Caritas Lebanon coping with refugees amid acceptance and fundamentalism
For Fr Paul Karam, Lebanon’s religious and cultural ethnic mosaic is at risk. Region-wide plans and international efforts are needed. Fundamentalism is fuelled by deteriorating conditions in refuge facilities.
Beirut (AsiaNews) – Lebanon is “paying a heavy price for what others have done, and could lose the ethnic, religious and cultural character” that has constituted its specificity for decades, said Caritas Lebanon director Fr Paul Karam.
For the past four years, the Catholic charity has played a leading role in helping refugees from Syria and elsewhere fleeing war. Speaking to AsiaNews, Fr Karam noted that Lebanon is not a big country, and “cannot accommodate an uninterrupted and unsupervised flow of refugees whilst other nations take in few” as by Maronite Patriarch Bechara al-Rahi pointed out during a recent pastoral visit to New York.
Refugees, the prelate said, are a “heavy burden that threatens Lebanon’s identity and future, and the country’s limited capacity to host refugees is compounded by the need to help poor Lebanese.”
Some of those limits are political, due to the failure of the small nation’s National Assembly to elect a president for the past two years. Under Lebanon’s confessional constitution, the post goes to a Christian.
For the Maronite patriarch, Lebanese Christians and Muslims have a "shared identity", albeit based on "different cultures and traditions", and founded a nation based on secularism and religious freedom according to the principle of "unity in diversity".
In the past few years, millions of refugees have arrived from Syria and Iraq, but this "heavy burden is threatening the nation’s character and future”.
Since the outbreak of civil war in Syria, almost 1.6 million Syrian refugees have poured into Lebanon, which has to cope with the demographic, economic, political, and security imbalances that this entails.
According to the United Nations, about 1.2 million Syrians are presently in the country. There are also some 700 Christian families from Baghdad, Mosul and Erbil, as well as thousands of Palestinians from Syria.
Lebanon's population stands at about 4.4 million people and the country is increasingly hard-pressed to manage the emergency.
Speaking to AsiaNews, Caritas chief Fr Karam warns that the country "cannot pay for what others have done”. Some states have accepted “5,000 refugees over five years”.
The Lebanese have shown a "great spirit of hospitality" towards the Syrians, as well as other refugees.
Since 2003, after Saddam Hussein’s fall in Iraq, the flood gates opened. “We are enduring the effects of choices made by some in their own self-interest” in the Middle East and the West.

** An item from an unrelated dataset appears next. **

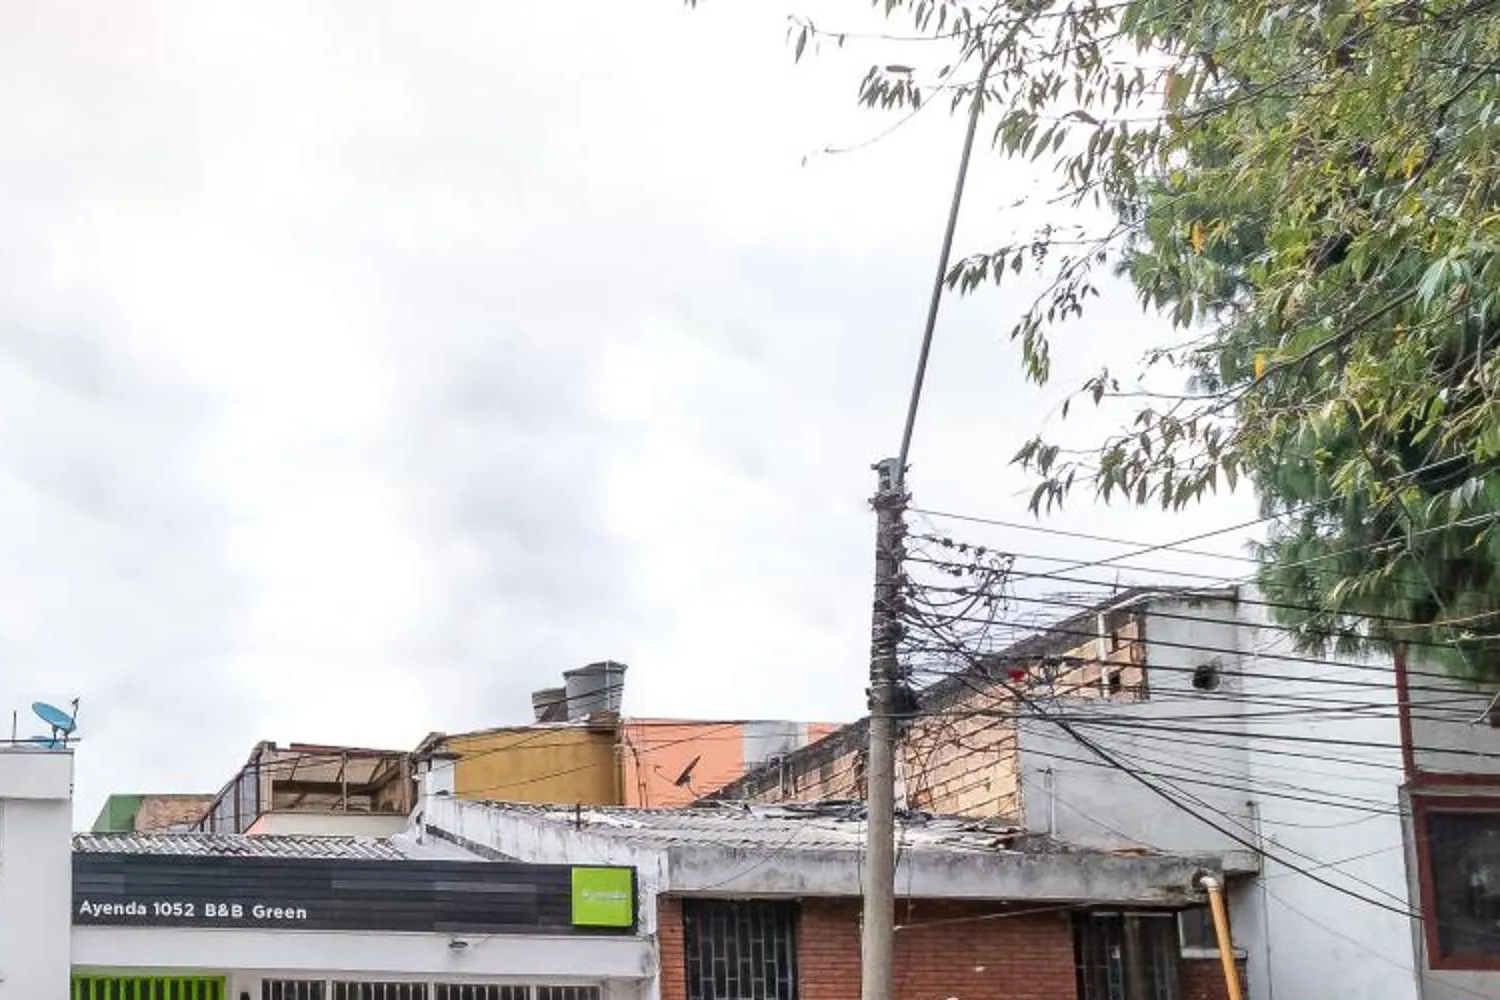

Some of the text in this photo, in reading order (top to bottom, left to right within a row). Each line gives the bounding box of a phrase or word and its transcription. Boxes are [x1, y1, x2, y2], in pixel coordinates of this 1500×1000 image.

[79, 900, 308, 919] Ayenda 1052 B&B Green
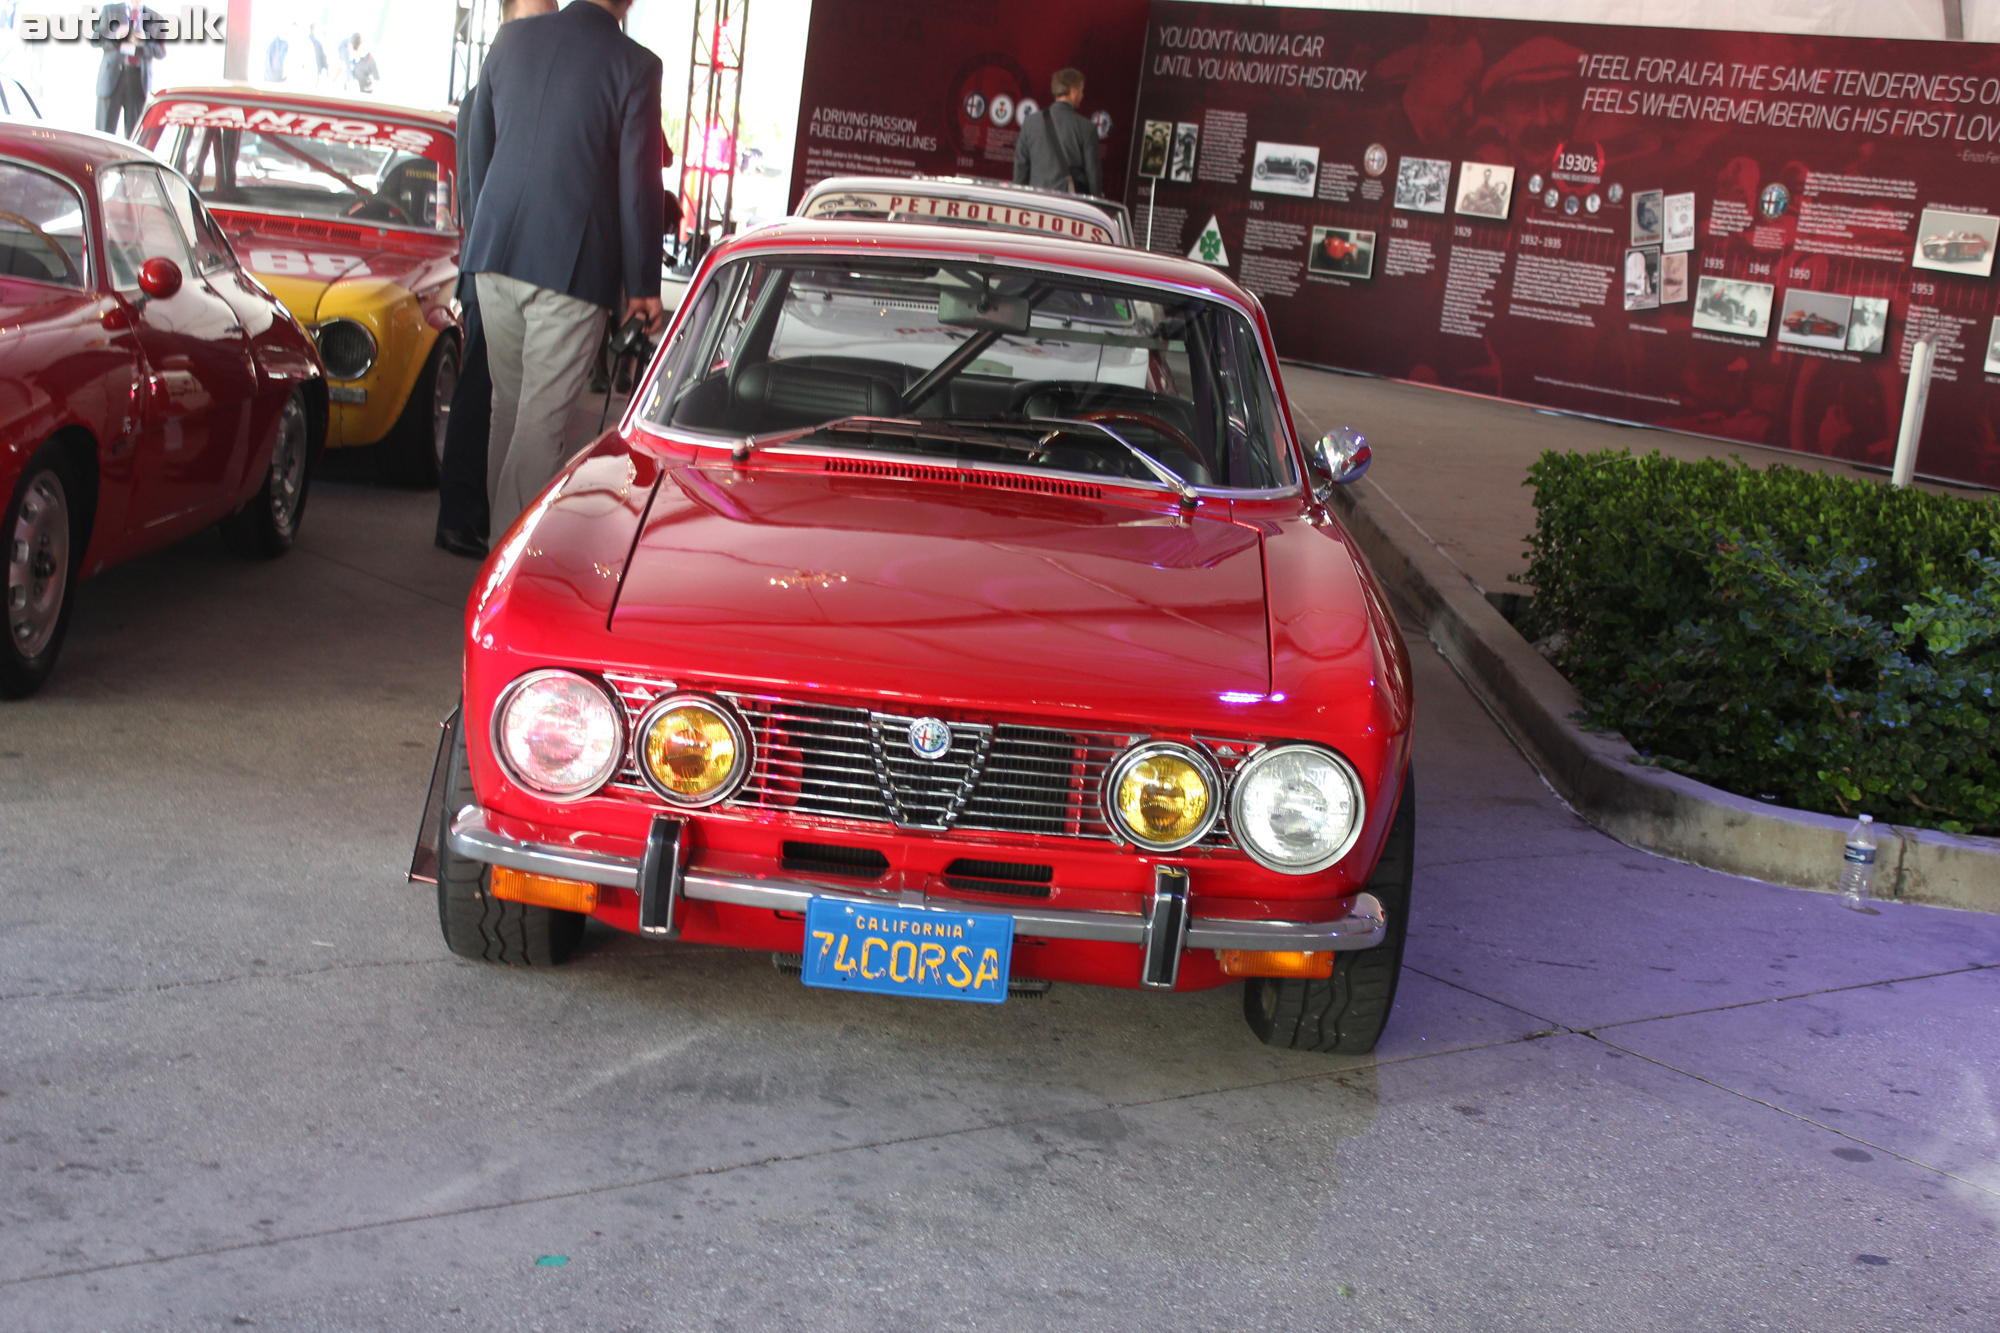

In line with what Pope Francis said, "we try to give back some justice and dignity to people,’ Fr Karam said. But difficulties accumulate over time. “Caritas facilities are doing the utmost, but there is not enough for everyone, and what there is is a but a drop in the ocean.”
Waves of refugees, poor border controls, and growing security concerns have led to violence, as evinced by recent events in Al-Qaa, a predominantly Christian border town.
"This is what you get if no one checks who the refugees are,” Fr Karam explained. “Extremists become more active, not only here, but also in Istanbul, Paris, Belgium . . .”.
At many points along the border between Syria and Lebanon people are coming and going.
"We should not generalise, because not all refugees are criminals. Many work and only ask to live in dignity. But the degrading condition at the [refugee] facilities, the hardships and the sense of abandonment favour fundamentalist ideologies."
"After all, when food, schooling, and work are lacking, when people are denied the right to live, and are locked up in the camps, the risk of radicalisation is real and who pays the price is innocent people."